Abstract
To enhance the photoelectric conversion efficiency of smart energy acquisition systems in low-carbon parks, this study presents the development of solar panel cells with high power conversion efficiency. These cells are prepared using 1,3-dibromo-5,5-dimethylhydantoin (DBH) and diketone isoindole as donor materials, combined with non-fullerene Y6-BO and PTIC as acceptor materials. The optimal ratio, voltammetry characteristics, and carrier transfer properties of these materials are thoroughly tested. The results indicate that when Y6-BO is used as the acceptor material, the solar panel cells exhibit a higher photoelectric conversion efficiency, reaching an optimal energy conversion efficiency of 15.23%, which is 3.86% higher than when PTIC is used. This study lays a theoretical foundation for the effective conversion of photovoltaic energy in new solar panel smart energy acquisition systems in low-carbon parks.

1. Introduction
In low-carbon parks, solar energy is a primary source of electricity, with solar solar panel playing a crucial role. However, due to technological limitations, the photoelectric conversion efficiency of solar panel cells remains relatively low. Researchers and experts are striving to improve this efficiency to enhance the utilization of solar energy.
1.1 Background
Solar panel convert sunlight into electrical energy through photovoltaic effects. The efficiency of this conversion process directly affects the amount of energy that can be generated from a given area of solar panel. Currently, various materials and technologies are being explored to enhance the photoelectric conversion efficiency of solar panel cells.
1.2 Motivation
By improving the photoelectric conversion efficiency of solar panel cells, we can increase the amount of electrical energy generated from a given area of solar panel.
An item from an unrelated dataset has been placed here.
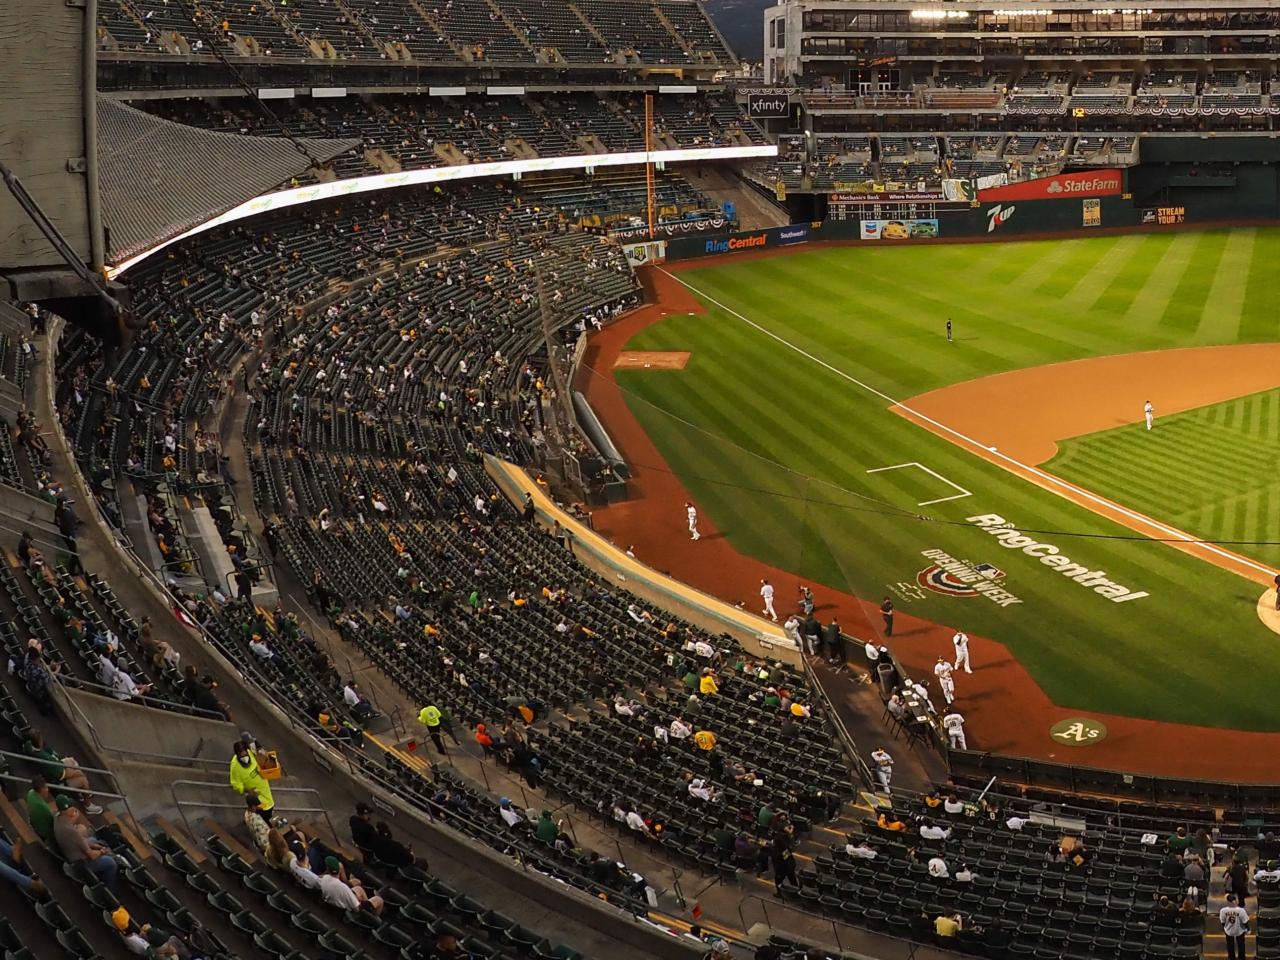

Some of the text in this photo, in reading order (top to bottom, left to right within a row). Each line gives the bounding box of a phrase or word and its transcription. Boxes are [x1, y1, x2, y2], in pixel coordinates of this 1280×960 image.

This not only reduces the cost of solar energy but also promotes the wider application of solar energy in various fields.
1.3 Research Objectives
The primary objectives of this study are to:
- Develop high-efficiency solar panel cells using novel materials.
- Optimize the material ratio and film thickness to achieve the highest possible photoelectric conversion efficiency.
- Investigate the voltammetry characteristics and carrier transfer properties of the developed solar panel cells.
2. Materials and Methods
2.1 Materials
The materials used in this study include:
- Solvents: Hexane, Dichloromethane, Chloroform, Toluene, Ether, N,N-Dimethylformamide, etc.
- Reactants: 1,3-Dibromo-5,5-dimethylhydantoin (DBH), Diketone isoindole, N-Bromosuccinimide (NBS), Triphenylphosphine palladium, etc.
- Substrates: Indium tin oxide (ITO) glass.
- Other materials: Silver for electrode deposition, PEDOT/PSS for hole transport layer, etc.
2.2 Equipment
The equipment used in this study includes:
- Spectrophotometer: Shimadzu UV-1800 for UV-Vis absorption spectroscopy.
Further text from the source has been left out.